You have the cash available and it is otherwise idle. Paying points with money that would otherwise sit in a low-yield account may produce better returns than the account. However, compare this to what the money could do invested in assets with higher expected returns.
Rates are high and a lower rate significantly improves affordability. In high-rate environments, even modest rate reductions meaningfully affect monthly payment and total interest cost over the loan’s life.
When Paying Points Does Not Make Sense
You may move or refinance within a few years. If there is meaningful probability you will sell or refinance before the break-even point, the upfront cost is likely wasted.
You need the cash for other purposes. Down payment, reserves, home repairs, or other investments may produce better financial outcomes than reducing the mortgage rate.

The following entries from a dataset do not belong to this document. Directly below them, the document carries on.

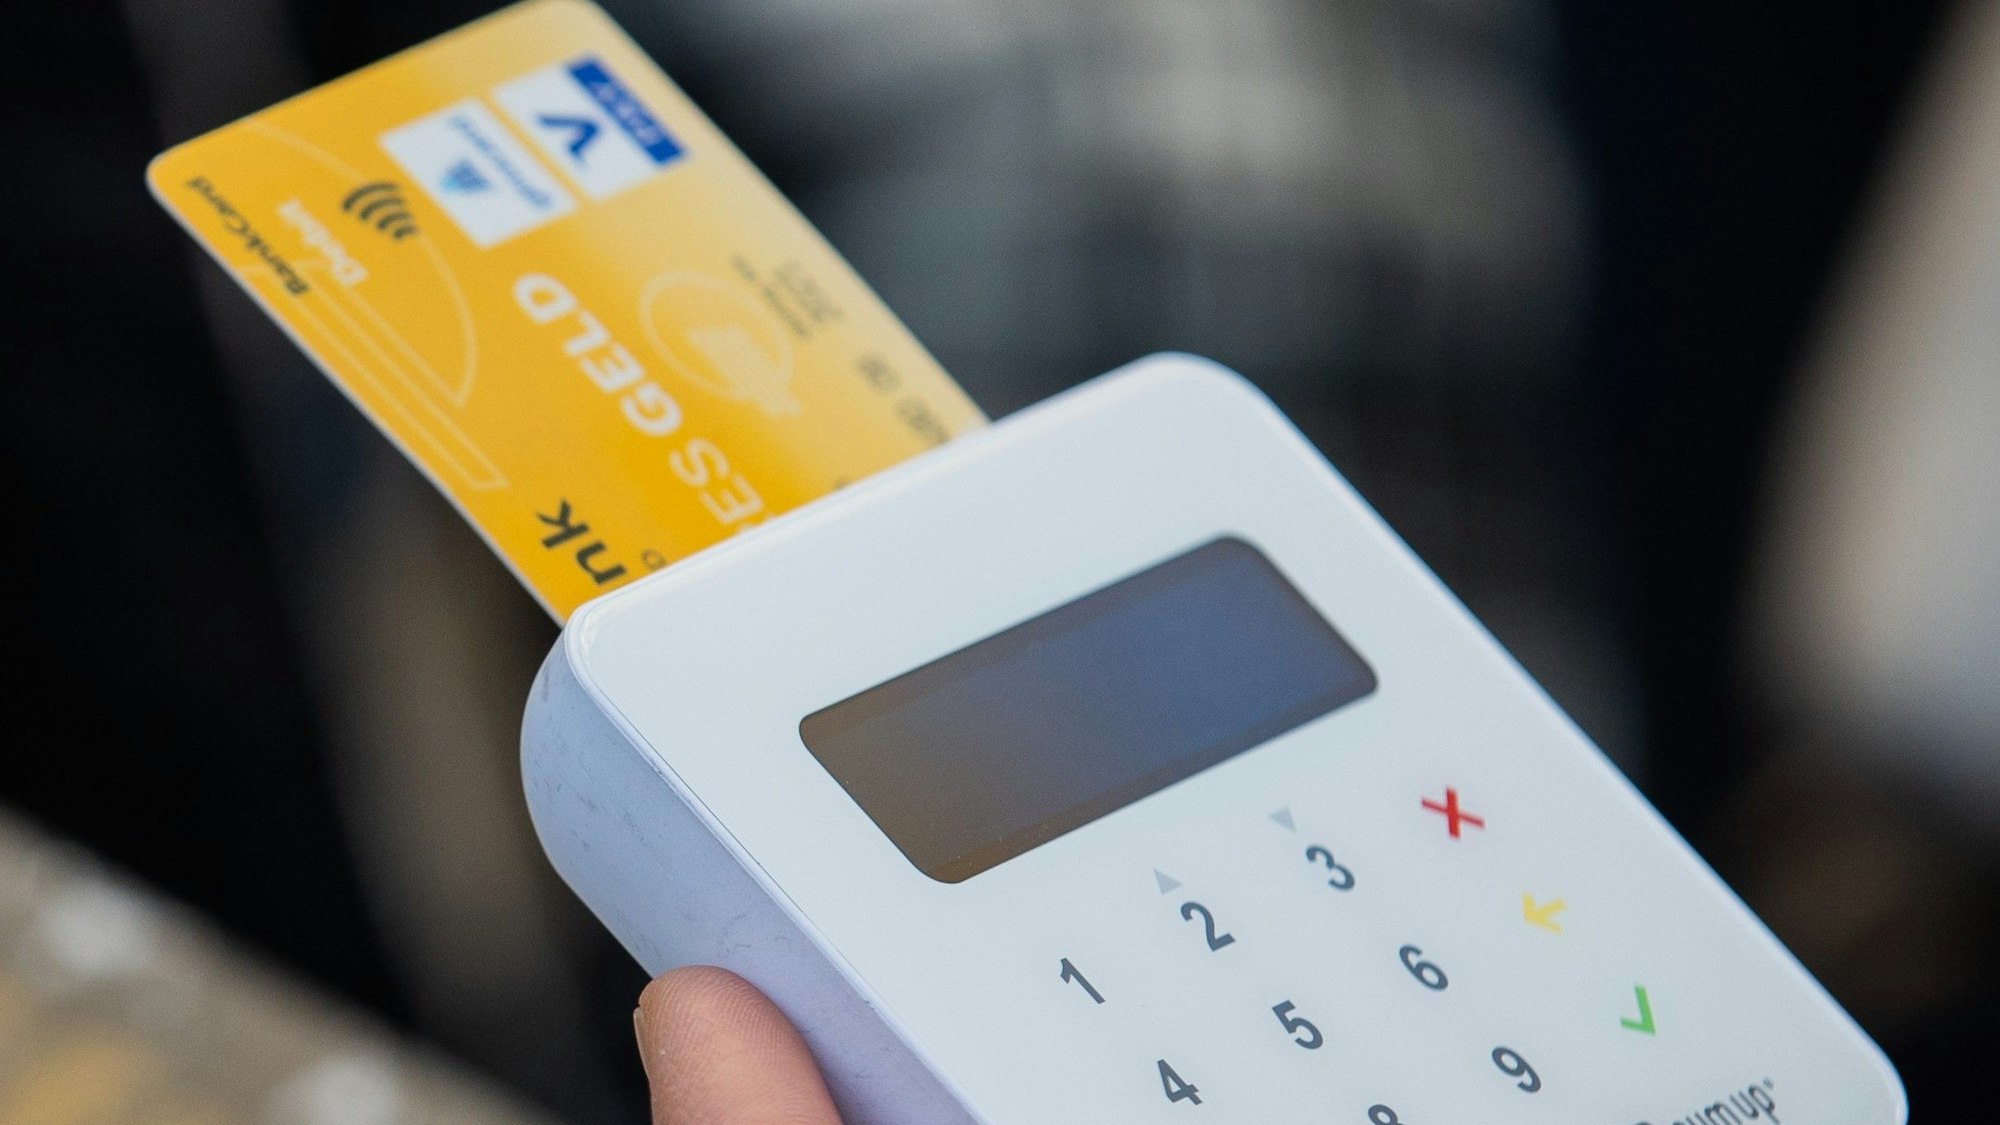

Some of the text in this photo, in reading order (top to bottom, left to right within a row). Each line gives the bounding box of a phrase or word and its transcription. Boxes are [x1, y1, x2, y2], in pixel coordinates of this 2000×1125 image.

[187, 176, 309, 295] BankCard
[278, 199, 368, 286] Debit
[514, 273, 683, 436] GELD
[669, 438, 777, 535] ES
[1306, 845, 1355, 891] 3
[1180, 901, 1235, 952] 2
[1060, 957, 1106, 1004] 1
[1399, 944, 1449, 991] 6
[1272, 1000, 1323, 1049] 5
[1157, 1059, 1203, 1105] 4
[1491, 1047, 1541, 1093] 9

The rate reduction per point is small. If a lender offers only 0.125% reduction per point, the break-even period is much longer and the economics of buying down the rate are weaker.
Practical Application
Discount points should be evaluated as a financial calculation, not a default choice. Get loan estimates from multiple lenders showing the rate available at zero points, one point, and two points — then calculate the monthly payment difference and break-even period for each option. If the break-even period is 3 years and you’re confident you’ll stay 10+ years, points are likely worthwhile. If the break-even is 7 years and you’re uncertain about your timeline, holding the cash may be the better choice. The decision is ultimately about the expected holding period of the loan and the opportunity cost of the upfront cash — two things only the borrower can assess for their specific situation.